Além do estresse ser um fator para a perda de controle da produção dos hormônios em pauta, o treinamento de força entrou para a lista dos fatores que influenciam nas concentrações da testosterona e do cortisol. Tudo acontece em decorrência das adaptações que o corpo passa para se adequar ao tipo de treinamento — tanto de forma momentânea, quanto crônica (no longo prazo).

Durante a atividade, os níveis de testosterona e de cortisol podem aumentar dependendo de fatores como intensidade, volume e nível de treinamento. A testosterona também depende de outros aspectos, como a idade, o sexo e o grupo muscular ativado durante o exercício. Na verdade, o que acontece com a testosterona é um aumento da sensibilidade do hormônio, e não em sua concentração, que potencializa mesmo assim a ação.

O que se percebe é que os aumentos mais notáveis de testosterona foram provocados pelo treino de força relacionado ao aumento da força isométrica, e não da força máxima.
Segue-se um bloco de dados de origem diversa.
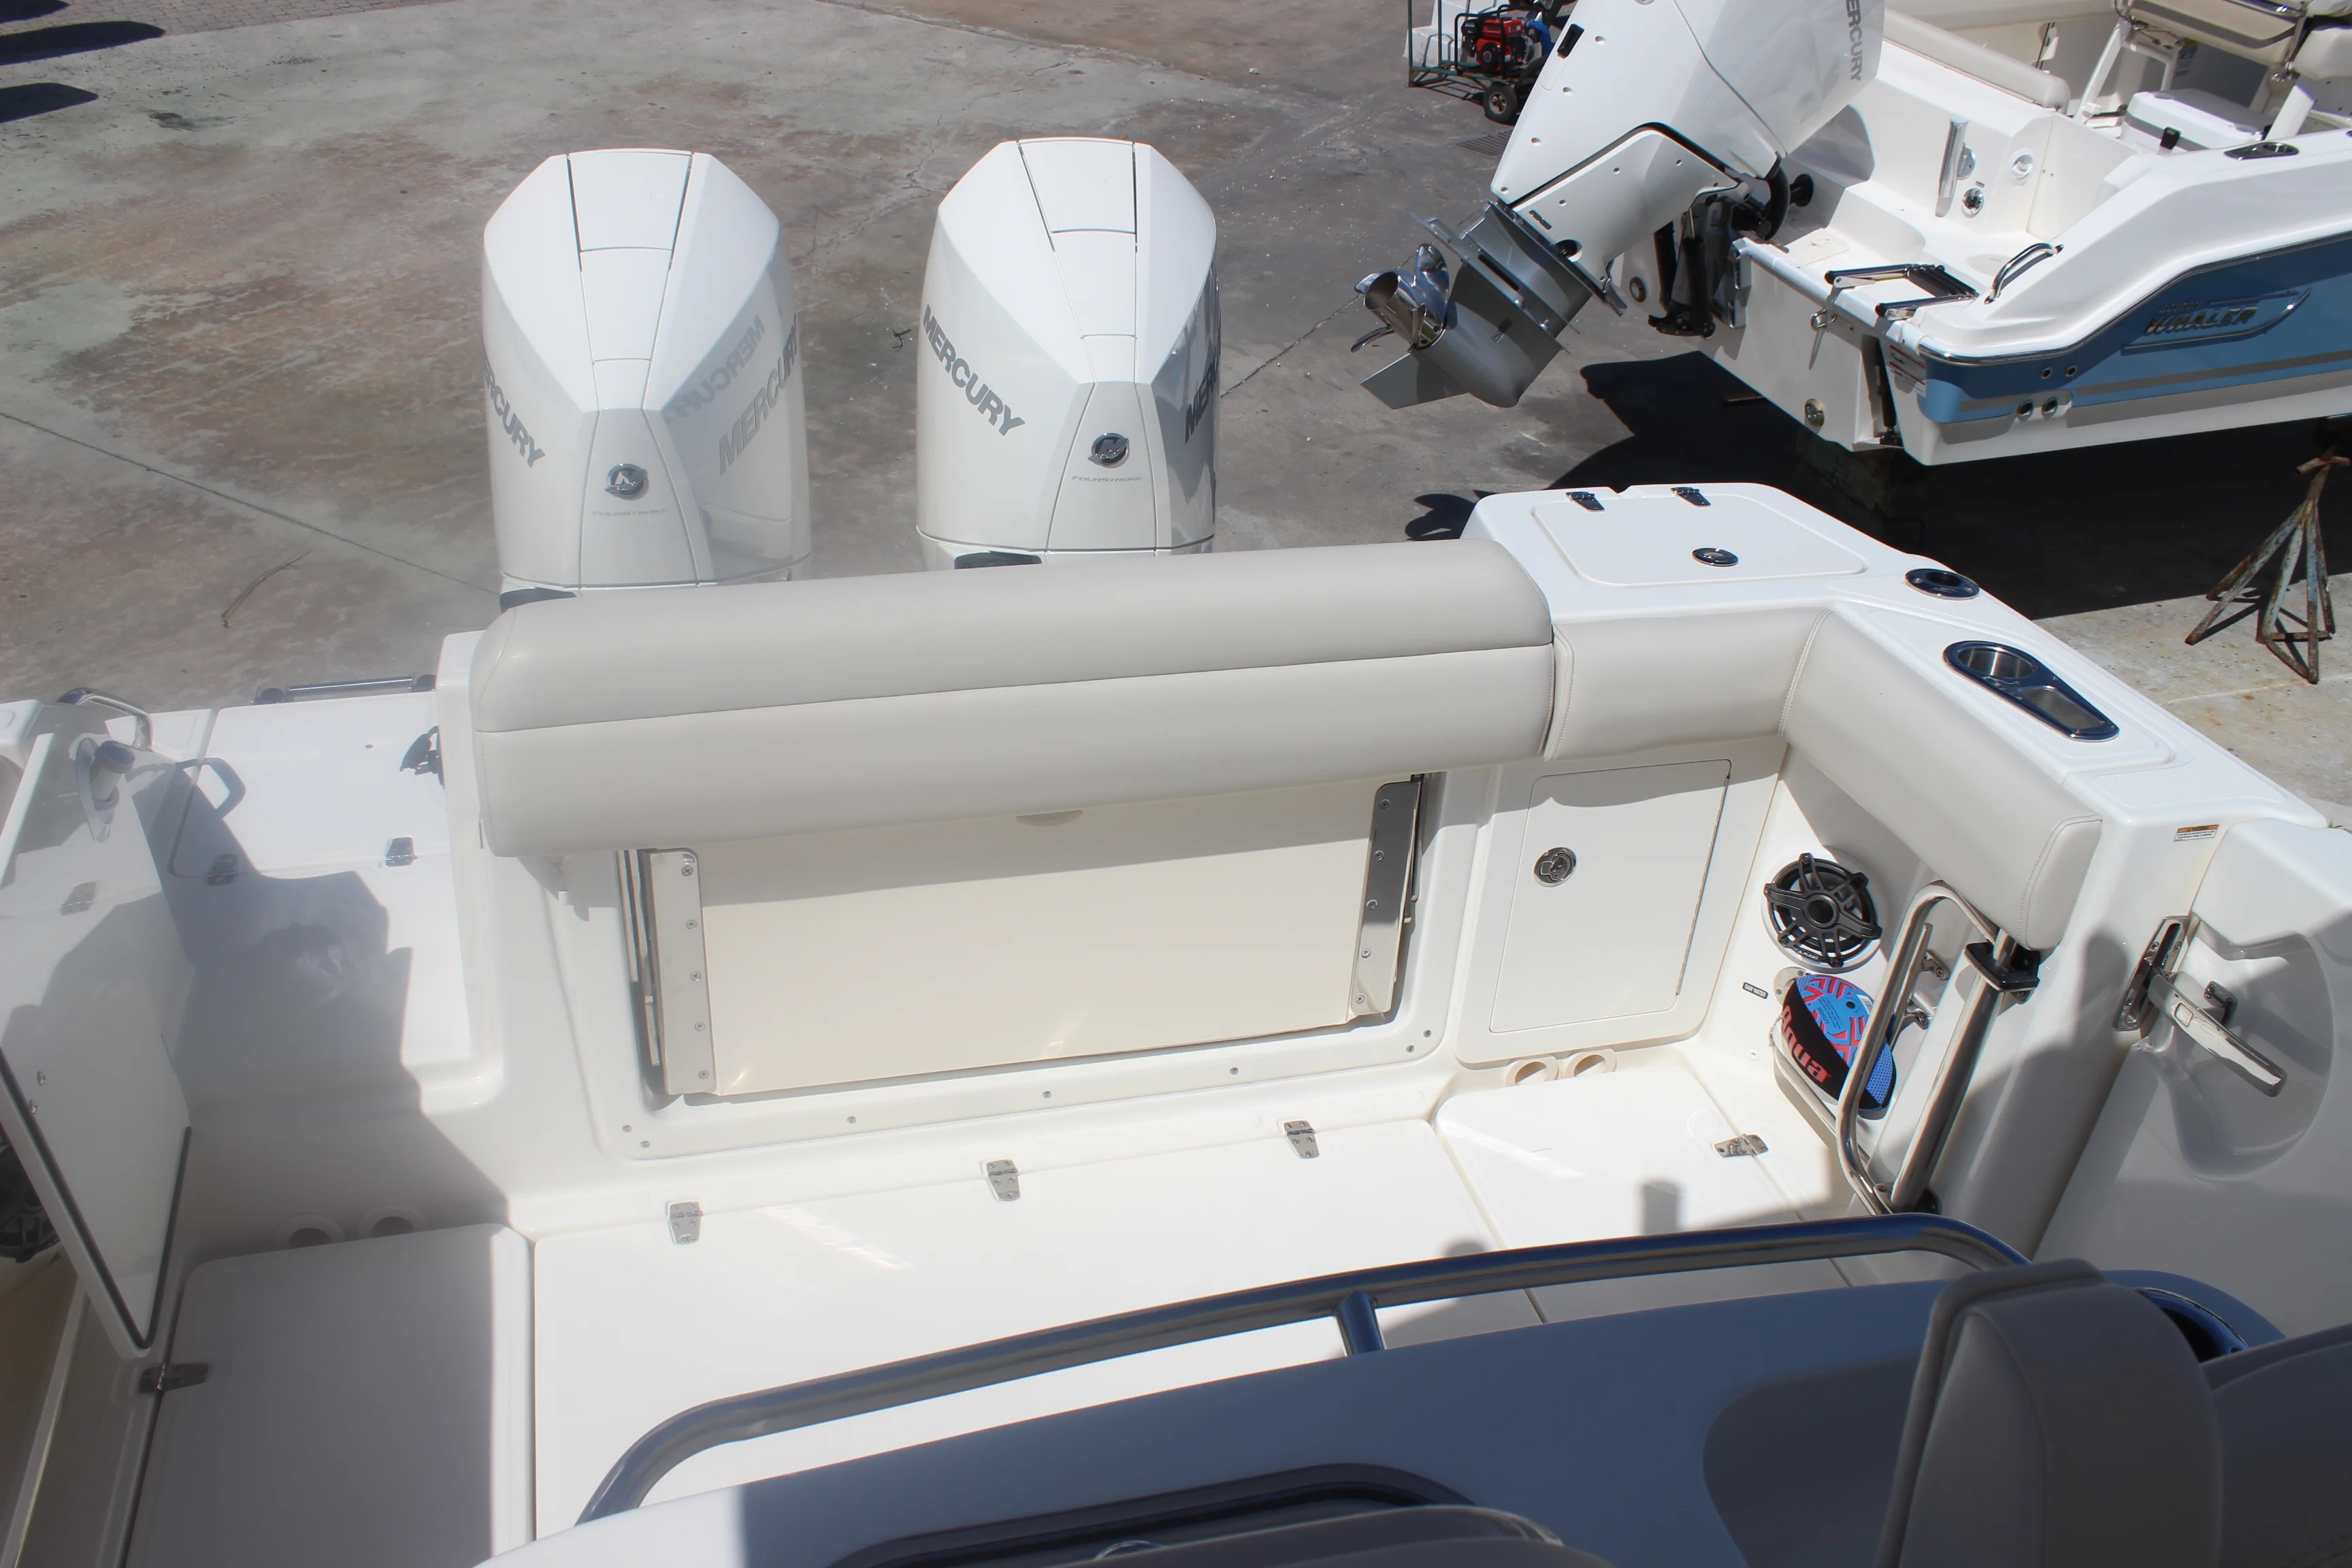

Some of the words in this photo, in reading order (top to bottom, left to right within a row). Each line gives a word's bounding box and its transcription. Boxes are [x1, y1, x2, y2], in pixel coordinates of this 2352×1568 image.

[1845, 0, 1863, 81] ERCURY
[2144, 306, 2259, 333] WHALER
[923, 303, 1026, 437] MERCURY
[485, 359, 546, 468] ERCURY
[1803, 951, 1818, 960] AUDIO
[1752, 986, 1767, 998] WATER
Os treinos com foco na isometria são aqueles menos dinâmicos, em que geralmente o corpo fica estático — buscando técnicas de equilíbrio e força constantes.

Pesquisas também colocam que homens que estão entrando ou já passaram pela andropausa também são beneficiados pela prática física e pelo aumento dos níveis de cortisol e testosterona.
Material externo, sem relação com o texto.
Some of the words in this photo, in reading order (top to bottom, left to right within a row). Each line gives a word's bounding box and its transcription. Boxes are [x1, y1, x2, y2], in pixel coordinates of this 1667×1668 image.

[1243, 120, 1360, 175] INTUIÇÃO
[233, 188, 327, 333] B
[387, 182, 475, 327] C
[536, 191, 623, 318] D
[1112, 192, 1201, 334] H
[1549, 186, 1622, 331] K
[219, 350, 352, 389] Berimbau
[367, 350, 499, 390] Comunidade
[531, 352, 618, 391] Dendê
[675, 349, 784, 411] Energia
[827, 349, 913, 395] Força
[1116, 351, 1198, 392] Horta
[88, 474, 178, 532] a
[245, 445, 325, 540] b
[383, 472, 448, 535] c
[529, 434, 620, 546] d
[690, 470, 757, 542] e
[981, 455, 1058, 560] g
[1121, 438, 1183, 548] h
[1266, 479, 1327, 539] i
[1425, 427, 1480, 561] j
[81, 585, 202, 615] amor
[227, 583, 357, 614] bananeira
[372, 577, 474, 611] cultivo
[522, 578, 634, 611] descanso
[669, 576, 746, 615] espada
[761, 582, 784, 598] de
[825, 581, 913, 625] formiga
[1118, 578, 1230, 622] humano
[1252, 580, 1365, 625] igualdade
O resultado, então, é que os exercícios de força, quando praticados constantemente e regularmente, são fundamentais para a manutenção dos organismos. Só que os processos precisam de uma produção equilibrada desses hormônios, assim há uma relação direta entre a sensibilidade dos hormônios e a qualidade de vida.

Como o cortisol atua no organismo?

É impossível anular a ação do cortisol, considerando que ele é um mecanismo regulador muito importante em várias situações de estresse.
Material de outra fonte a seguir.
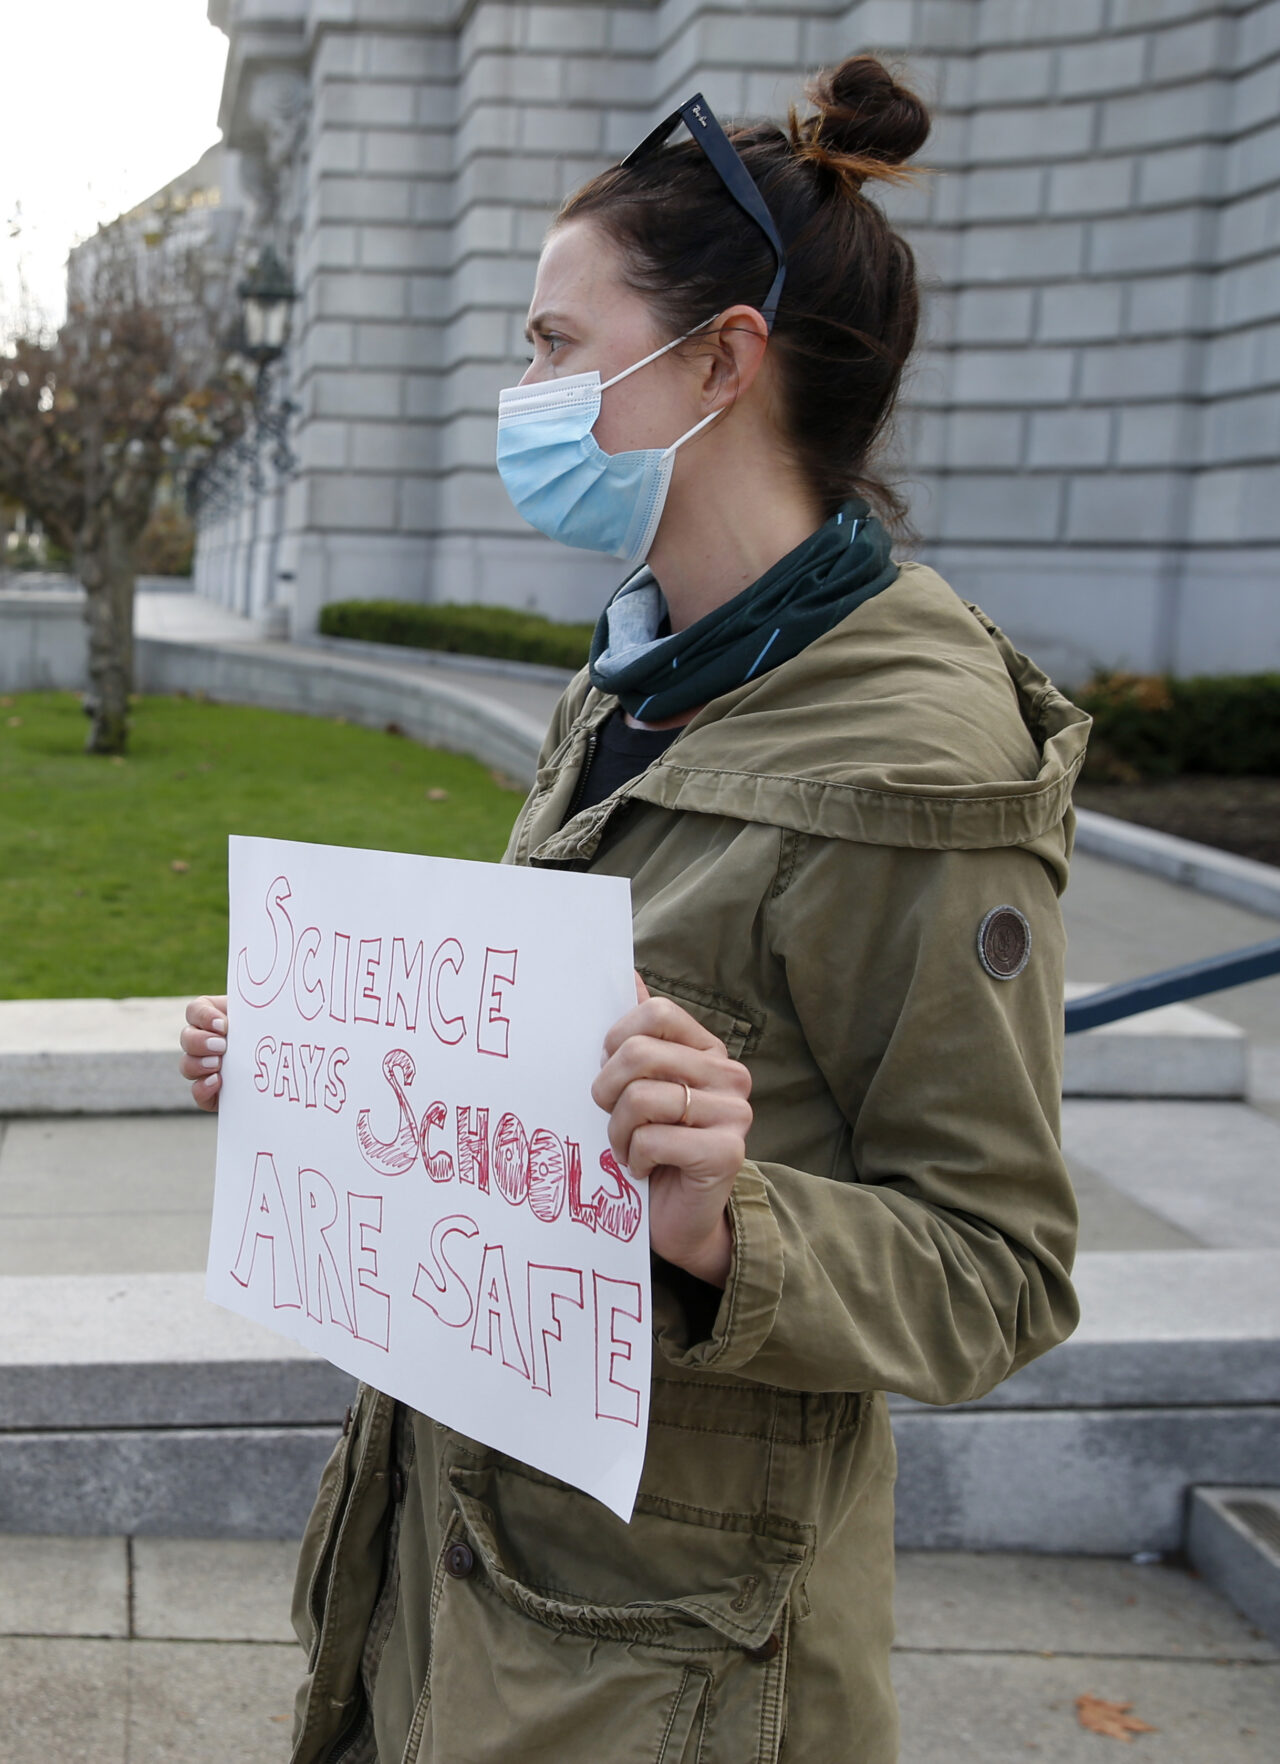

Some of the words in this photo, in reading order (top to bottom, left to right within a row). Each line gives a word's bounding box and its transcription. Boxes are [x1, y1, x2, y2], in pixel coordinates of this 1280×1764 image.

A quantidade de cortisol no sangue varia durante o dia. Isso porque está relacionada às atividades diárias e à serotonina, hormônio responsável pela sensação de prazer e de bem-estar.

Dependendo da situação, ao aumentar o nível de cortisol o corpo tem que mobilizar rapidamente as reservas de energia. Da mesma forma que os aminoácidos, a glicose dos tecidos é uma das fontes preferenciais, e é direcionada para o fluxo sanguíneo, para a atividade cerebral e para o aumento da concentração. Outra fonte preferencial são as reservas de gordura.

Como qualquer esteroide, ele entra nas membranas celulares e atua em um receptor de glicocorticoide. Esses receptores existem por todo o corpo, mas em cada tecido existe uma concentração, que varia de acordo com o tipo de célula presente ali.

Por que o descanso é um fator importante nesse processo?

Ok, já entendemos que a ação do cortisol é uma resposta a condições estressantes e desgastantes, mas como evitar altas concentrações?

O sono é um dos momentos em que o cortisol está mais em baixa. Enquanto isso, o GH está trabalhando na reconstrução dos músculos. O sono é, então, um processo fundamental para regular a secreção do hormônio, além controlar níveis de estresse e desgaste físico para uma sensação de bem-estar.

É durante o sono que o corpo se recupera com a atividade do GH e da testosterona, que é inibida pela atividade do cortisol.

O GH é o famoso hormônio do crescimento, e é produzido pela hipófise. Pode ser liberado dependendo de estímulos, como a alimentação, os exercícios físicos e as horas dormidas. A ação do GH é anabólica, uma vez que estimula o crescimento dos tecidos musculares e desencadeia uma série de ações metabólicas.

Por isso, não troque boas horas de sono. Em média, um sono de qualidade deve ter entre 8 e 10 horas, tanto para mulheres quanto para homens adultos. Para outras faixas etárias, o número pode variar, mas continua próximo das 10 horas diárias.